After being introduced into Lake Victoria sometime during the 1960s, the Nile perch would go on to devastate the natural ecosystem of the world's second largest lake, a place often cited as the origin of all human life. With Darwin's Nightmare, Sauper evokes a horrifying vision of globalization gone terribly amuck, less a nightmare than a vicious domino effect. This is a film with a lot on its plate, and while Sauper strains to connect the AIDS crisis in the region to the perch nightmare, the message that globalization in the region has become tantamount to human slave trade is never lost.


Anna Boden and Ryan Fleck's Young Rebels is a unique documentary experience, an intimate look at the roots of hip-hop in Cuba. In Cuba, hip-hop artists have very little access, if any, to recording studios, which means the music they make is entirely homegrown—raw, frustrated and immediate, this is music produced by people trapped in amber, and the purity and infectiousness of songs like "El Fuego" (someone get me a copy, quick!) evoke the political spirit and resonance of early American hip-hop, a time before the bling-bling mentality sold out the genre.

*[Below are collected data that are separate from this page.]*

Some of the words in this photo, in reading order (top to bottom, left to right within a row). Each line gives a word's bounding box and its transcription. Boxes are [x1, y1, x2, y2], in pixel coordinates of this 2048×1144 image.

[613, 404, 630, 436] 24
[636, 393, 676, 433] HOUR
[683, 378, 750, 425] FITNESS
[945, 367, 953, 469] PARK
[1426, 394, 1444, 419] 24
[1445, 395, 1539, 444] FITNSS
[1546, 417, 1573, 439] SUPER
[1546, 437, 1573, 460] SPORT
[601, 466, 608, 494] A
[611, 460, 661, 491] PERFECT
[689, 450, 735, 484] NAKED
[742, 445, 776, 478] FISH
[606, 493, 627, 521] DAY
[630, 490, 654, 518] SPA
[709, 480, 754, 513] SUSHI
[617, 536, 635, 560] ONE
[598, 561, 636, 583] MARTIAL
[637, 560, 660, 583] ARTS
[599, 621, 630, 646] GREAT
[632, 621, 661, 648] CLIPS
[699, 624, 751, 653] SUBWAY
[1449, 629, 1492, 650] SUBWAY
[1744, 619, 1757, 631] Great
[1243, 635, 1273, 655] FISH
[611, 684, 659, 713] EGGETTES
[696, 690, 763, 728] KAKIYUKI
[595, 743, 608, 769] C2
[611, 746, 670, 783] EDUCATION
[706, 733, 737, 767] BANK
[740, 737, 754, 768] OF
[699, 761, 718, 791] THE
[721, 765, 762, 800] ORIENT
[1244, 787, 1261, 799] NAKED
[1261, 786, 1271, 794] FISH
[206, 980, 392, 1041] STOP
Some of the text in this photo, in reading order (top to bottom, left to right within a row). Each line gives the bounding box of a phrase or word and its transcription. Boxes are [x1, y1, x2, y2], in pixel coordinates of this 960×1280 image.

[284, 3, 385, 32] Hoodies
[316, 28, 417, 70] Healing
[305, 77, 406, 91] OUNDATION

Private evokes a series of days in the life of an affluent Palestinian family whose home is taken hostage by Israeli soldiers who wish to use the house as a watchtower. "Shadows are not real," Mohammad (Mohammad Bakri) tells one of his children, sound fatherly advice that takes on great aesthetic and philosophical meaning when the Israelis come charging into his house in the middle of the night: Prohibited from using the upstairs part of the home, the family is confined to the shadows of their living room when the sun goes down.

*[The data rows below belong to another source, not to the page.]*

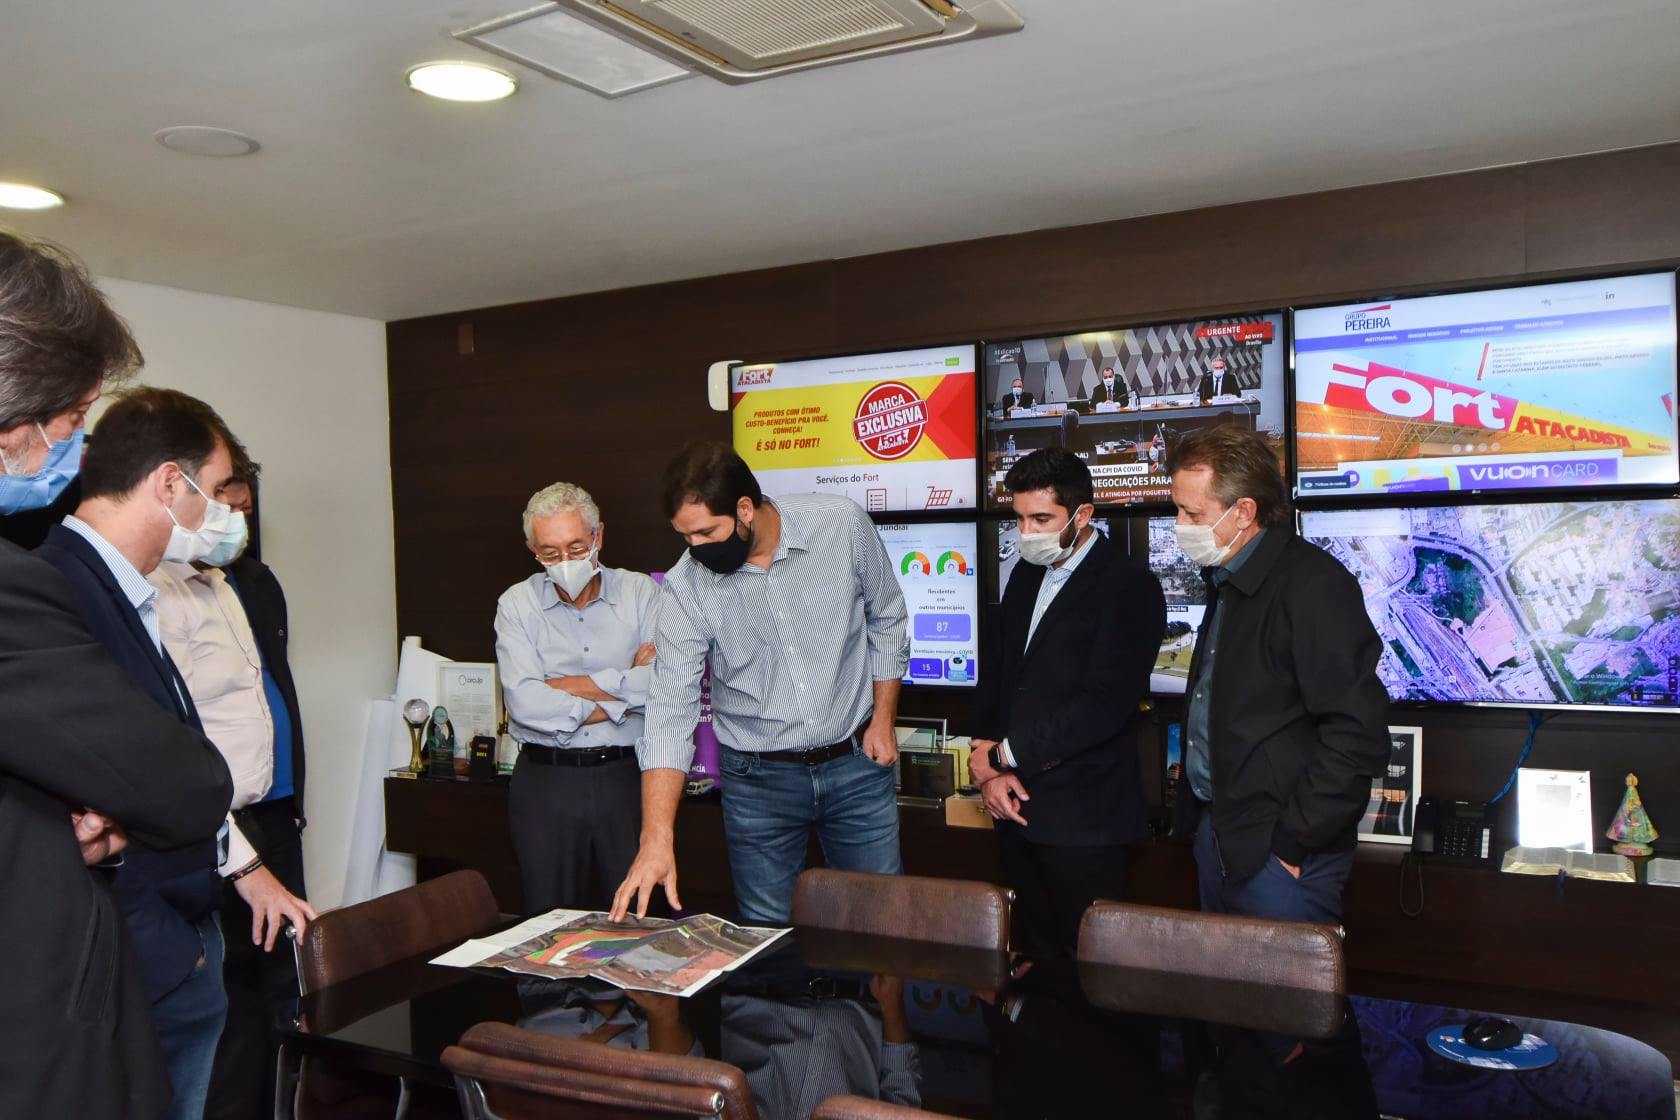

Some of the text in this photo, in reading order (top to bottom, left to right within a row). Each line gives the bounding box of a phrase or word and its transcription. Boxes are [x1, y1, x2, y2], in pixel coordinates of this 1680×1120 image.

[1345, 317, 1391, 331] PEREIRA
[1207, 325, 1241, 336] URGENTE
[737, 378, 771, 386] ATACADISTA
[1308, 358, 1505, 430] Fort
[868, 393, 906, 414] MARCA
[753, 406, 821, 418] PRODUTOS COM ÓTIMO
[798, 416, 811, 424] PRA
[857, 405, 924, 437] EXCLUSIVA
[772, 427, 803, 436] CONHEÇA!
[880, 431, 907, 444] Fort
[1516, 415, 1633, 449] ATACADISTA
[756, 438, 820, 451] É SÓ NO FORT!
[1123, 465, 1143, 473] COVID
[816, 473, 879, 485] Serviços do Fort
[1092, 476, 1173, 488] NEGOCIAÇÕES PARA
[936, 622, 948, 632] 87
[922, 663, 931, 671] 15

Johnston, like Klaus Nomi and Robert Crumb before him, is often called an "outsider artist," a label one of the subjects from Jeff Feuerzeig’s The Devil and Daniel Johnston shuns. But Feurzeig’s documentary understands—like Andrew Horn’s The Nomi Song—that there are people like Johnston who don’t seem to live in the same space as the rest of us. Patti Smith might say that Johnston, like Nomi, hails from "a place called space."

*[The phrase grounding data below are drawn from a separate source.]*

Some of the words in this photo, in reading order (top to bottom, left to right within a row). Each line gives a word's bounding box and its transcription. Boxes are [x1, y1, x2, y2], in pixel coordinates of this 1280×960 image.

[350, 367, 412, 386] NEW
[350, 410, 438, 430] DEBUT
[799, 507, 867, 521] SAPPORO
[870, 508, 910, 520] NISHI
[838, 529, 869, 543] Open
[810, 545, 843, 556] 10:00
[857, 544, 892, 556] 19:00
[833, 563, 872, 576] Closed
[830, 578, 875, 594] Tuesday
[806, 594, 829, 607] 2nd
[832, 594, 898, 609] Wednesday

Kontroll explores a man's looming sense of isolation from the world after a serial killer begins pushing people in front of oncoming trains inside a Budapest subway. Like Pen-ek Ratanaruang's Last Life in the Universe, the film is another "chill out" production at once lovely and sinister. In much the same way that the narrative's non-stop panic lacks a social context, the lead character's disconnect from the world starves for nuance, but the boys and girls are pretty to look at and the film itself is amusing and seductively dreamy—like being at a rave and coasting on a mellow tab of X.


L'Esquive shocked audiences last month at the César Awards when it won the prize for Best Film, but what were people reacting to exactly: the fact that Abdellatif Kechiche made a better film than Les Choristes, or that L’Esquive has earned comparisons to a certain Larry Clark provocation? The film consistently teeters on the brink of tragedy but dares to end on a chipper note, a slap in the face to viewers who aren’t content with the tragedy inherent in the bad behavior of its kids.


Insofar as Nakagawa creates for his characters a world of suspended animation, the film is bound to earn comparisons to Last Life in the Universe, but while the director displays an incredible command of widescreen (for sure, his postcard shots of Okinawa are nothing short of breathtaking), the film's whimsy is more precious than magical-realist.